Mr. Duncan said he envisioned using artificial intelligence to analyze that data and create initial draft reports, freeing up executives and general managers. The company, with about 3,600 employees, also hopes to leverage artificial intelligence to analyze weekly employee surveys over the course of a year to glean information about trends in the overall morale of their teams.
“I believe we are in the early stages of a massive transformation in how we process business ideas, strategy, data and results,” Mr. Duncan said.
According to research, the use of artificial intelligence is greatest in information and professional services, which include graphic design, accounting and legal services — traditionally jobs less threatened by automation.
Research shows that marketing is among the most common uses of AI across businesses. Gusto, a payroll and benefits platform for small businesses, found that among businesses created last year that used genetic AI, 76 percent did so for marketing.
However, many economists believe that in the long run, few or no occupations will be unaffected by AI in some way. EY-Parthenon estimated that two-thirds of US employment — more than 100 million jobs — are highly or moderately exposed to genetic AI, meaning those jobs could be changed by the technology. The rest, usually jobs with more social and human interaction, are likely to be affected as well, through tasks such as administrative work.
And AI diffusion seems to be gaining steam. A working paper from the Center for Economic Research, using data from the Census Bureau’s Entrepreneurship Statistics, found a “significant, distinct jump” last year in applications for AI-related businesses that could fuel the technology’s spread. The paper also showed that businesses stemming from AI-related applications over the years have had greater potential than others for job creation, payroll and revenue.

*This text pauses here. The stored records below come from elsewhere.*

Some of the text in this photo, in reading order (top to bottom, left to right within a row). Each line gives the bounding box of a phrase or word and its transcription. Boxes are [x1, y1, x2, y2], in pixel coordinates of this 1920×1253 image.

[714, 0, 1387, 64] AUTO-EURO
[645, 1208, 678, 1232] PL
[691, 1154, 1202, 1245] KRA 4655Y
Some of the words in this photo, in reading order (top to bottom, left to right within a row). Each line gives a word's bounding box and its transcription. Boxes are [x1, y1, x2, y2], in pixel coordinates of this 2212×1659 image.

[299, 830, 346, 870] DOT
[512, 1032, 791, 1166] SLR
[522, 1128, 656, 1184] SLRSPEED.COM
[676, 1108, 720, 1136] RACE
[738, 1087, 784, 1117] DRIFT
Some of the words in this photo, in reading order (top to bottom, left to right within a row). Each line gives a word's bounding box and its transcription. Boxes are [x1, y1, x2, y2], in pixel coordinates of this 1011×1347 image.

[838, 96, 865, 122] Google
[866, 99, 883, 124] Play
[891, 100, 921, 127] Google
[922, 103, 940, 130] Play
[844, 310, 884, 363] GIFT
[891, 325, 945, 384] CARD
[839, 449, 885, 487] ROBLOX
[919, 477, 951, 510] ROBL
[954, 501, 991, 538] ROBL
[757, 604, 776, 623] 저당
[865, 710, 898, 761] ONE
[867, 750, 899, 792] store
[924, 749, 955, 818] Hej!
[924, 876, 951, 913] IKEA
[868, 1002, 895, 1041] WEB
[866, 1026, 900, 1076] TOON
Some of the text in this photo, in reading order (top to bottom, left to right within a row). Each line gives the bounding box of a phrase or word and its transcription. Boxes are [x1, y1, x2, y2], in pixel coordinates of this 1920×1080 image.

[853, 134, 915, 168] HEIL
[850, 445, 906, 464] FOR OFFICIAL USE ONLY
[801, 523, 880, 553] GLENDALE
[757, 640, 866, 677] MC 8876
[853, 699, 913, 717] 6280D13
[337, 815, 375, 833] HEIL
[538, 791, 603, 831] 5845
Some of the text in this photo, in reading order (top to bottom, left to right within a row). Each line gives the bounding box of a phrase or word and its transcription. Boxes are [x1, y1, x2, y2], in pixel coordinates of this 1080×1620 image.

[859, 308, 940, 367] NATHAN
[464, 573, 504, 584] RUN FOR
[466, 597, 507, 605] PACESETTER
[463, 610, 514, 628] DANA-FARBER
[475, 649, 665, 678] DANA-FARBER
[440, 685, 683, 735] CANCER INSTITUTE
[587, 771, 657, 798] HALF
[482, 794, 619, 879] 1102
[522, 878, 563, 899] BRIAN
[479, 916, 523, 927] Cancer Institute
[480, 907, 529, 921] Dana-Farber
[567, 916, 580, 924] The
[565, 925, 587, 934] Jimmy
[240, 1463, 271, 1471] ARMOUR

Putting this together, “we think there is a possibility that these AI startups will have an impact on our economy in the near future,” said Can Dogan, an associate professor of economics at Radford University in Virginia and one of the authors of the paper. .
“In general, existing businesses will have to discover what they can do with these technologies,” he added. “I think that’s the key to wider adoption.”
Chris Jones, founder of Planting Seeds Academic Solutions, an education and teaching business with nine employees and 100 to 150 independent contractors, is among those trying to figure out how to use emerging AI technologies. Mr. Jones, who is based in Dallas, said he became interested in using AI at his company in 2021 or 2022, but that he “never had the full focus on identifying how AI could be integrated into our business”.
He hopes to hire a consultant soon to show the company how to use AI for sales, administrative tasks and program functions such as curriculum creation. He is aware of the potential impact on his employees’ jobs, he said, but clearly about the changing economic landscape.
“As a business, I have to stay alive because the competition is real,” Mr Jones said.
In Nashville, a driving force pushing small and medium-sized companies to embrace artificial intelligence is chamber president Bob Higgins. He talks to other business leaders, holds webinars, and collaborates with a Vanderbilt University professor who is an expert in genetic artificial intelligence
Mr Higgins also tries to lead by example. At Barge Design Solutions, an engineering and architecture services firm where he is managing director, his HR team used genetic AI to help create job postings that yielded more qualified applicants for hard-to-fill positions. She also uses technology as a “thinking partner” to prepare for meetings and create agendas.
The ultimate goal, he said, is “to help make Nashville that GenAI city.”
“If you live in fear of it,” he said, “I think you’ll stay out.”